§ Your instructions: Can you quote the lines below exactly, starting at the line with "this 1500×1334 image." and going through the last one?

[Collected data]

>>>>

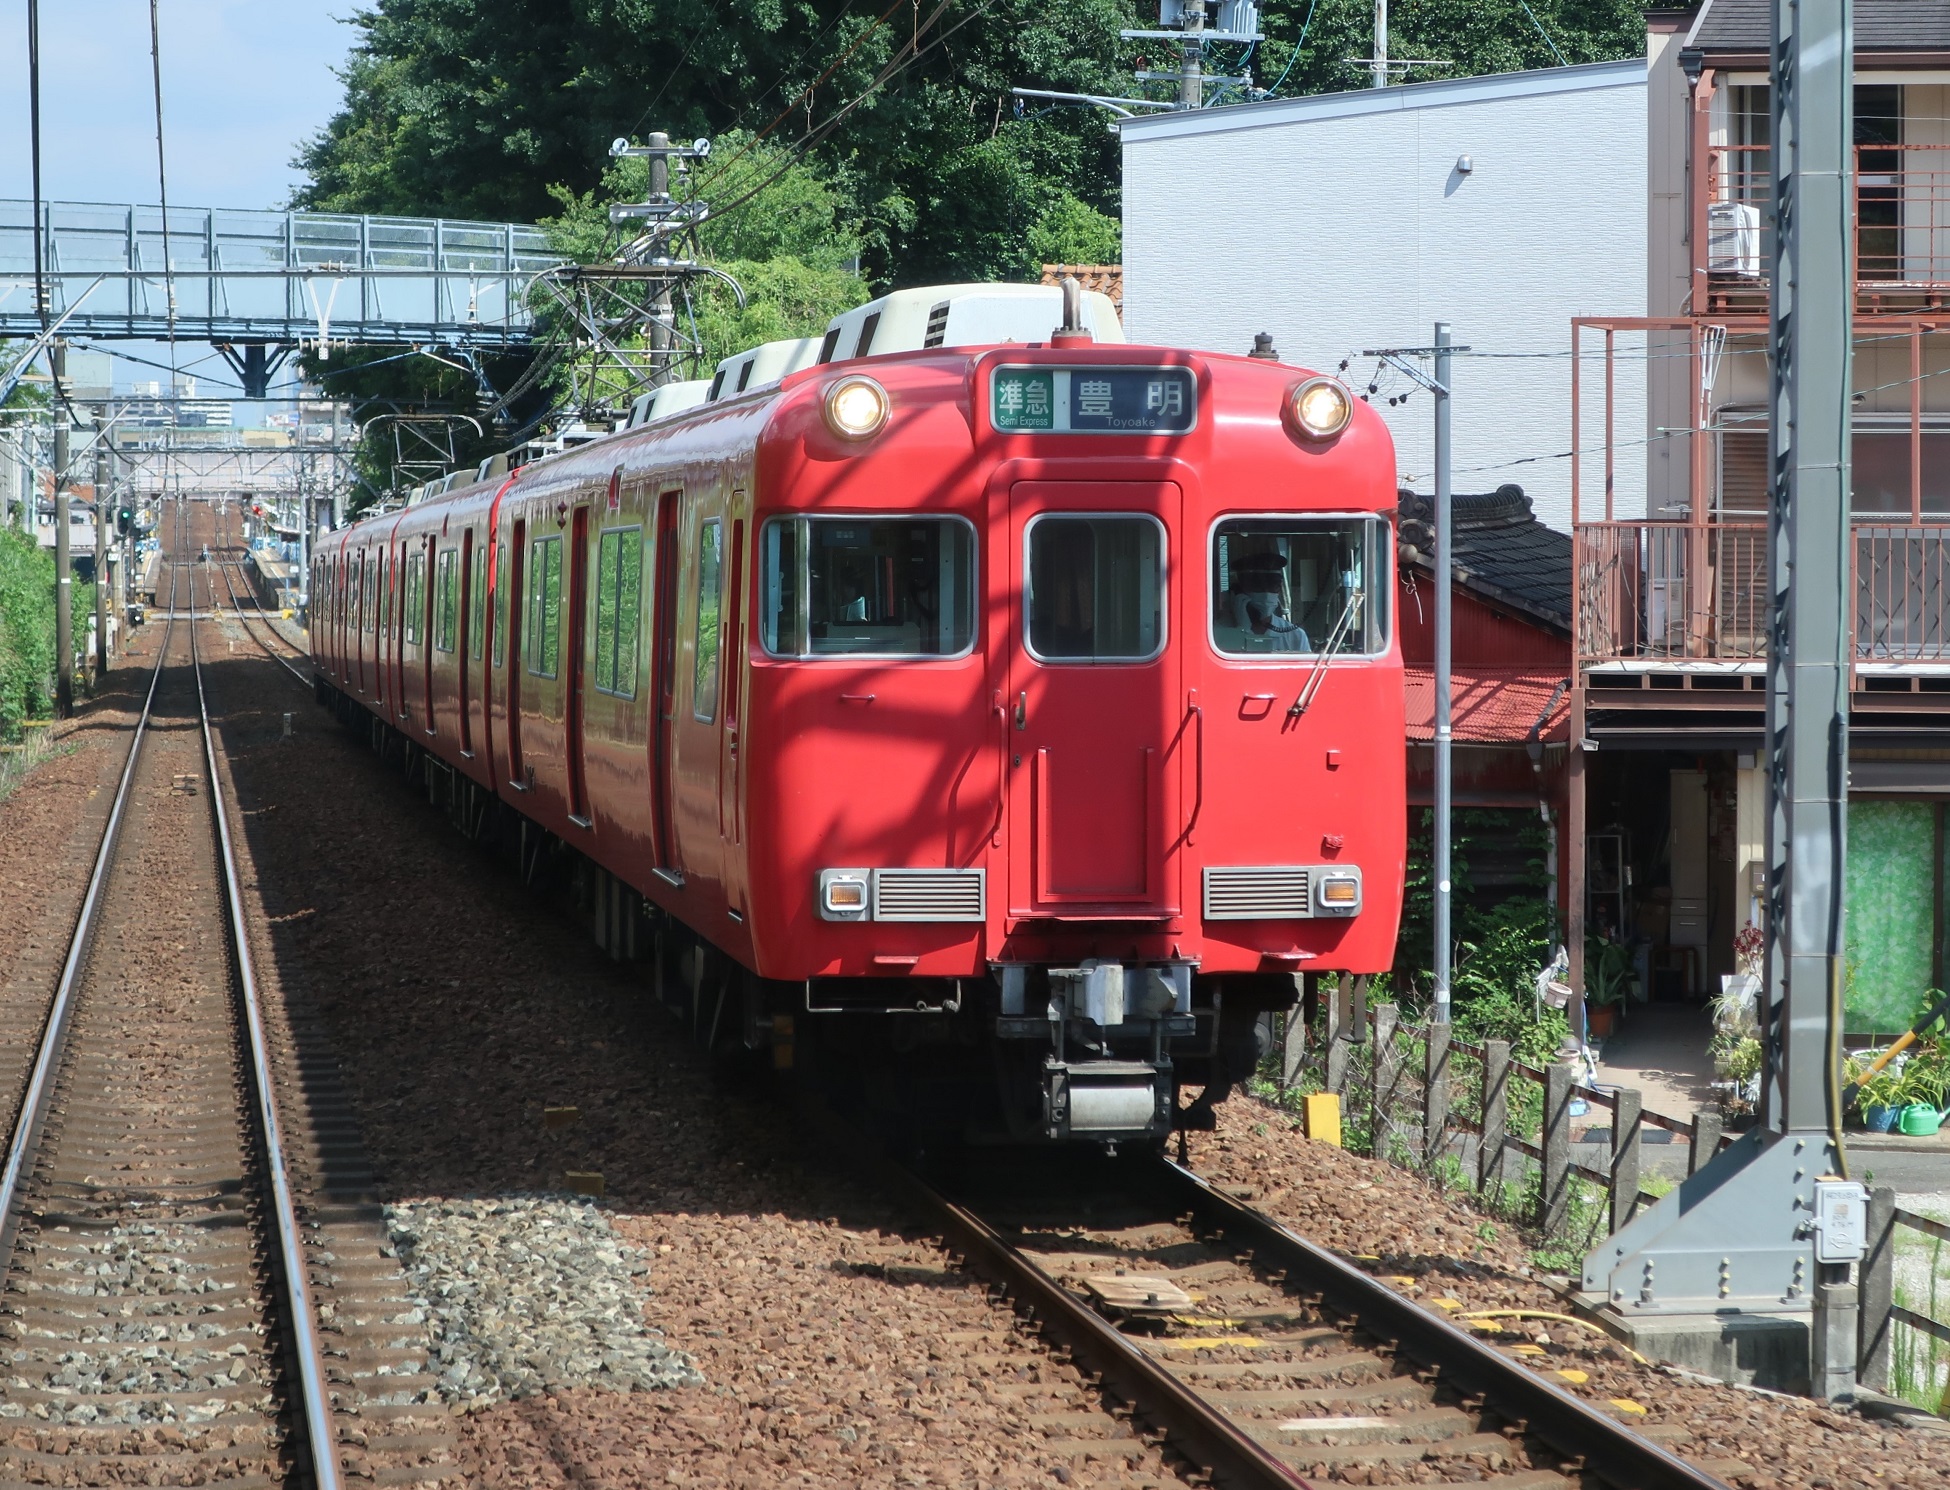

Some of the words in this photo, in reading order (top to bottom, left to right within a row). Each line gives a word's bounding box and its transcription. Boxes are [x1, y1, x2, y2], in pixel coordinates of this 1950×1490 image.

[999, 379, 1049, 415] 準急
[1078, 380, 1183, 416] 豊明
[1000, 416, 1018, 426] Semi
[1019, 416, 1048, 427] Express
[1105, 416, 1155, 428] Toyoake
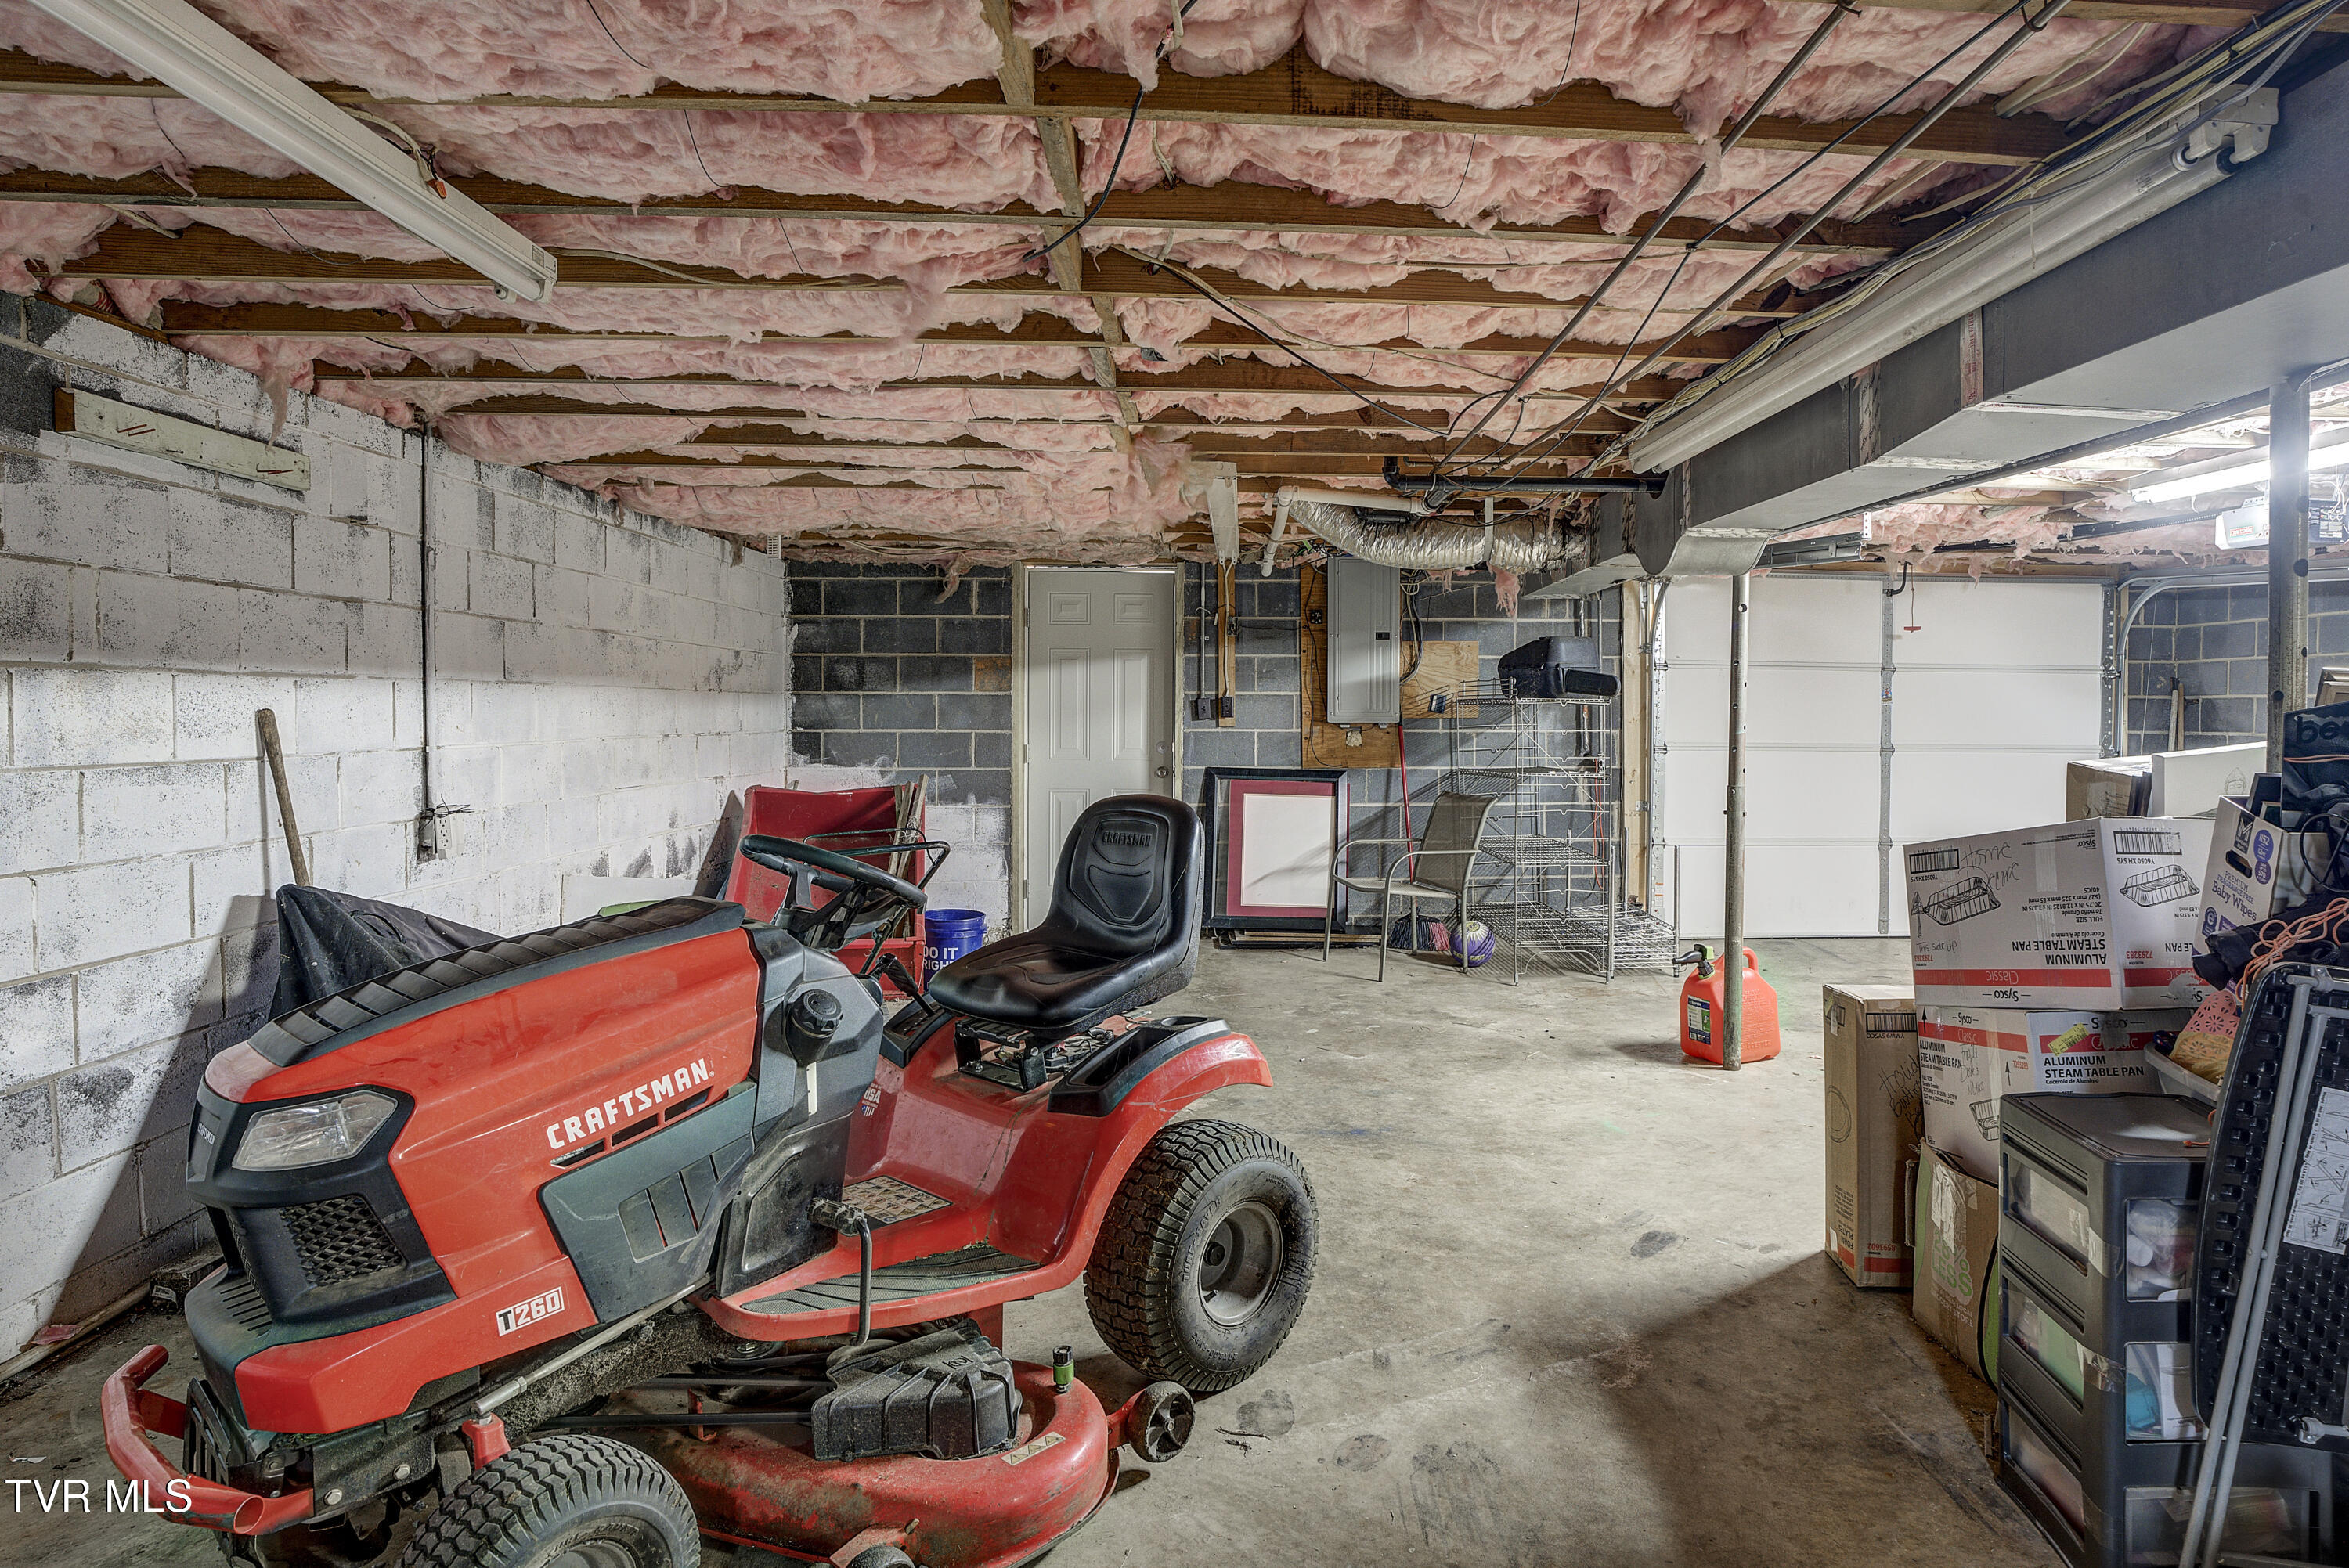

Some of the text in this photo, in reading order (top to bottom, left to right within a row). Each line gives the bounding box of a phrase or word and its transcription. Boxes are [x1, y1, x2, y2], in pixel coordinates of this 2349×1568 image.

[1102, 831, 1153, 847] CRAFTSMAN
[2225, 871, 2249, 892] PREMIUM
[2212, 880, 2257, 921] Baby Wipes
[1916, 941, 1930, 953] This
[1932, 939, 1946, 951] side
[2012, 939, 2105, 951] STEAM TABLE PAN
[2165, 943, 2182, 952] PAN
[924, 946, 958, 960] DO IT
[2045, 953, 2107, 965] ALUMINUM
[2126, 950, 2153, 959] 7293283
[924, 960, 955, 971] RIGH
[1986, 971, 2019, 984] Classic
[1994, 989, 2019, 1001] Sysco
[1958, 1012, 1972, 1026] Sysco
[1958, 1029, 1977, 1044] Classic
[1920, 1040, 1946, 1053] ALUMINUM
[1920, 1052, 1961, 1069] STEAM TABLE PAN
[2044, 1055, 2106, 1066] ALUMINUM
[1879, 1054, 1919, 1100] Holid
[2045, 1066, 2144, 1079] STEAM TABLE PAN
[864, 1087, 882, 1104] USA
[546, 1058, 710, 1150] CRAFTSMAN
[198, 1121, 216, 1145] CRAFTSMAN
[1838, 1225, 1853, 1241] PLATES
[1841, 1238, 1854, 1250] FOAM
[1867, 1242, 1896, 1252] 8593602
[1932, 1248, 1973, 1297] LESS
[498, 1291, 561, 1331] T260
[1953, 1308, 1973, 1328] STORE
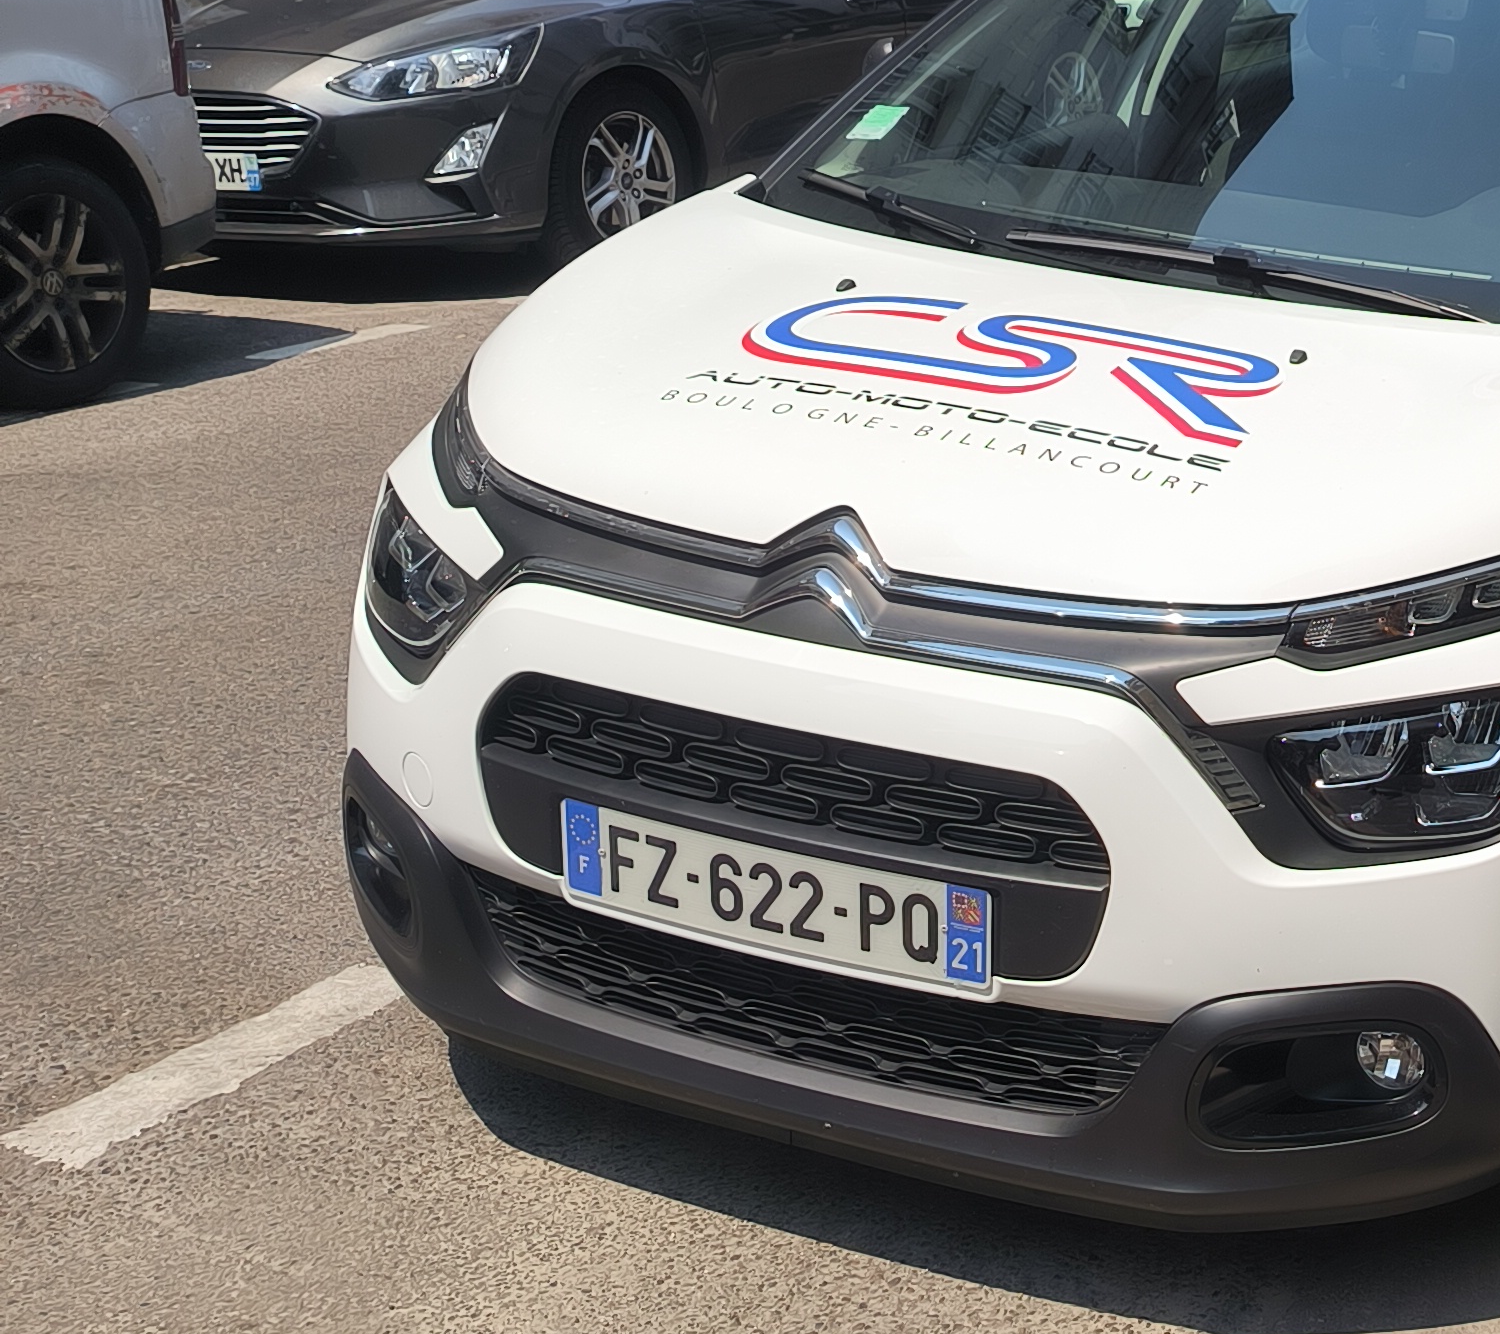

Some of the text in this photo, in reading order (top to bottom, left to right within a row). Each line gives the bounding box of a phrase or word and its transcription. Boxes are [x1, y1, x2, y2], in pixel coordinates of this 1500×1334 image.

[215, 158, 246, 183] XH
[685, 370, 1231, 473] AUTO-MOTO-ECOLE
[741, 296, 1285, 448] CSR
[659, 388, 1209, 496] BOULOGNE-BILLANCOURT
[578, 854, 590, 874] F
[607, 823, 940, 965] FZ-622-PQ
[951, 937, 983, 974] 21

<<<<

§ Exercise output:
Some of the text in this photo, in reading order (top to bottom, left to right within a row). Each line gives the bounding box of a phrase or word and its transcription. Boxes are [x1, y1, x2, y2], in pixel coordinates of this 1500×1334 image.

[215, 158, 246, 183] XH
[685, 370, 1231, 473] AUTO-MOTO-ECOLE
[741, 296, 1285, 448] CSR
[659, 388, 1209, 496] BOULOGNE-BILLANCOURT
[578, 854, 590, 874] F
[607, 823, 940, 965] FZ-622-PQ
[951, 937, 983, 974] 21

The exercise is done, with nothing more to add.